** Entries provided follows **

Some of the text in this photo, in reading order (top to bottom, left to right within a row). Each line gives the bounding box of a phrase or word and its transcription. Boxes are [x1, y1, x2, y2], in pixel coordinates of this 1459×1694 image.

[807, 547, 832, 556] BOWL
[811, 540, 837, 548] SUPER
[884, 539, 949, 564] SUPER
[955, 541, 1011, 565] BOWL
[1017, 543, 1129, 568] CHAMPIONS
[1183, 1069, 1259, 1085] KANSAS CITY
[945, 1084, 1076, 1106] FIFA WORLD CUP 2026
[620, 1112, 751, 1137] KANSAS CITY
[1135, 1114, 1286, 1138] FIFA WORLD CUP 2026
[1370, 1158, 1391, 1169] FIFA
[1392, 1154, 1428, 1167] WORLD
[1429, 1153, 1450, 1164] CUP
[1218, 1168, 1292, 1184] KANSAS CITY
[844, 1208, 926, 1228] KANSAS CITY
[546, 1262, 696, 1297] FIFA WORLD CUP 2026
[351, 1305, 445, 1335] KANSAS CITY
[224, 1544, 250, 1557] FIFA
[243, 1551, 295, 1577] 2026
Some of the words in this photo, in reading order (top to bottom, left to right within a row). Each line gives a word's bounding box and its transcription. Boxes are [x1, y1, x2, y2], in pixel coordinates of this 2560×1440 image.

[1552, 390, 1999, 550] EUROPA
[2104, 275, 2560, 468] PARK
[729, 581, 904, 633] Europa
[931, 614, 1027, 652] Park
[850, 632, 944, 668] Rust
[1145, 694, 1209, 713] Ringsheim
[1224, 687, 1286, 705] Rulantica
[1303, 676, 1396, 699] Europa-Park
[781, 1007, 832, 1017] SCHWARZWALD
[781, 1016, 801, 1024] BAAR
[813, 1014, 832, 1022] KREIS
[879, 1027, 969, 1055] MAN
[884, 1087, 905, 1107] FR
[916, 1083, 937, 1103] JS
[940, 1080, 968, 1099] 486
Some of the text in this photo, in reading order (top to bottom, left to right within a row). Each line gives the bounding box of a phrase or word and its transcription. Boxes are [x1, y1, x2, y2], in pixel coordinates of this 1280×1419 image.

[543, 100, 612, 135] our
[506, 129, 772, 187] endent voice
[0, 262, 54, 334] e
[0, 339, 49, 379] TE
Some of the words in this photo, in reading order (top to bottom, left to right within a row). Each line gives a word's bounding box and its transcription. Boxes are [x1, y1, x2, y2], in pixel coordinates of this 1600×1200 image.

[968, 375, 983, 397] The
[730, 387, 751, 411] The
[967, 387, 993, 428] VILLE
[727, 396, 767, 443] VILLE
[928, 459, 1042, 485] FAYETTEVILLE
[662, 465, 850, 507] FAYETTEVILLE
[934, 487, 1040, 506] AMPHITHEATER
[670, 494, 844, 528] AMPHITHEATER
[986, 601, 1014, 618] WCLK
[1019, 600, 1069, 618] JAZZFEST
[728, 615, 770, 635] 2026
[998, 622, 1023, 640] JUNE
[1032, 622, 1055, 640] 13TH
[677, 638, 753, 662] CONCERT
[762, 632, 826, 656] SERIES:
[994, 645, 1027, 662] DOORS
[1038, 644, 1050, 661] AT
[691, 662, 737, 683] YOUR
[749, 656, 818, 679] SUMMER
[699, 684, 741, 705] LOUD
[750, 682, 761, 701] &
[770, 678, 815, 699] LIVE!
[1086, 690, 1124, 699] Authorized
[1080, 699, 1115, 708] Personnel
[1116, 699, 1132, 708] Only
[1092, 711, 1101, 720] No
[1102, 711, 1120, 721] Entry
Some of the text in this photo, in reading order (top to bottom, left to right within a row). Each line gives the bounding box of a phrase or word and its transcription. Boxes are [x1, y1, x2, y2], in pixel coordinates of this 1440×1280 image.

** End of Entries provided **

**Task to complete**
Word for word, write out every entry shown above.

**Task answer**
Some of the text in this photo, in reading order (top to bottom, left to right within a row). Each line gives the bounding box of a phrase or word and its transcription. Boxes are [x1, y1, x2, y2], in pixel coordinates of this 1459×1694 image.

[807, 547, 832, 556] BOWL
[811, 540, 837, 548] SUPER
[884, 539, 949, 564] SUPER
[955, 541, 1011, 565] BOWL
[1017, 543, 1129, 568] CHAMPIONS
[1183, 1069, 1259, 1085] KANSAS CITY
[945, 1084, 1076, 1106] FIFA WORLD CUP 2026
[620, 1112, 751, 1137] KANSAS CITY
[1135, 1114, 1286, 1138] FIFA WORLD CUP 2026
[1370, 1158, 1391, 1169] FIFA
[1392, 1154, 1428, 1167] WORLD
[1429, 1153, 1450, 1164] CUP
[1218, 1168, 1292, 1184] KANSAS CITY
[844, 1208, 926, 1228] KANSAS CITY
[546, 1262, 696, 1297] FIFA WORLD CUP 2026
[351, 1305, 445, 1335] KANSAS CITY
[224, 1544, 250, 1557] FIFA
[243, 1551, 295, 1577] 2026
Some of the words in this photo, in reading order (top to bottom, left to right within a row). Each line gives a word's bounding box and its transcription. Boxes are [x1, y1, x2, y2], in pixel coordinates of this 2560×1440 image.

[1552, 390, 1999, 550] EUROPA
[2104, 275, 2560, 468] PARK
[729, 581, 904, 633] Europa
[931, 614, 1027, 652] Park
[850, 632, 944, 668] Rust
[1145, 694, 1209, 713] Ringsheim
[1224, 687, 1286, 705] Rulantica
[1303, 676, 1396, 699] Europa-Park
[781, 1007, 832, 1017] SCHWARZWALD
[781, 1016, 801, 1024] BAAR
[813, 1014, 832, 1022] KREIS
[879, 1027, 969, 1055] MAN
[884, 1087, 905, 1107] FR
[916, 1083, 937, 1103] JS
[940, 1080, 968, 1099] 486
Some of the text in this photo, in reading order (top to bottom, left to right within a row). Each line gives the bounding box of a phrase or word and its transcription. Boxes are [x1, y1, x2, y2], in pixel coordinates of this 1280×1419 image.

[543, 100, 612, 135] our
[506, 129, 772, 187] endent voice
[0, 262, 54, 334] e
[0, 339, 49, 379] TE
Some of the words in this photo, in reading order (top to bottom, left to right within a row). Each line gives a word's bounding box and its transcription. Boxes are [x1, y1, x2, y2], in pixel coordinates of this 1600×1200 image.

[968, 375, 983, 397] The
[730, 387, 751, 411] The
[967, 387, 993, 428] VILLE
[727, 396, 767, 443] VILLE
[928, 459, 1042, 485] FAYETTEVILLE
[662, 465, 850, 507] FAYETTEVILLE
[934, 487, 1040, 506] AMPHITHEATER
[670, 494, 844, 528] AMPHITHEATER
[986, 601, 1014, 618] WCLK
[1019, 600, 1069, 618] JAZZFEST
[728, 615, 770, 635] 2026
[998, 622, 1023, 640] JUNE
[1032, 622, 1055, 640] 13TH
[677, 638, 753, 662] CONCERT
[762, 632, 826, 656] SERIES:
[994, 645, 1027, 662] DOORS
[1038, 644, 1050, 661] AT
[691, 662, 737, 683] YOUR
[749, 656, 818, 679] SUMMER
[699, 684, 741, 705] LOUD
[750, 682, 761, 701] &
[770, 678, 815, 699] LIVE!
[1086, 690, 1124, 699] Authorized
[1080, 699, 1115, 708] Personnel
[1116, 699, 1132, 708] Only
[1092, 711, 1101, 720] No
[1102, 711, 1120, 721] Entry
Some of the text in this photo, in reading order (top to bottom, left to right within a row). Each line gives the bounding box of a phrase or word and its transcription. Boxes are [x1, y1, x2, y2], in pixel coordinates of this 1440×1280 image.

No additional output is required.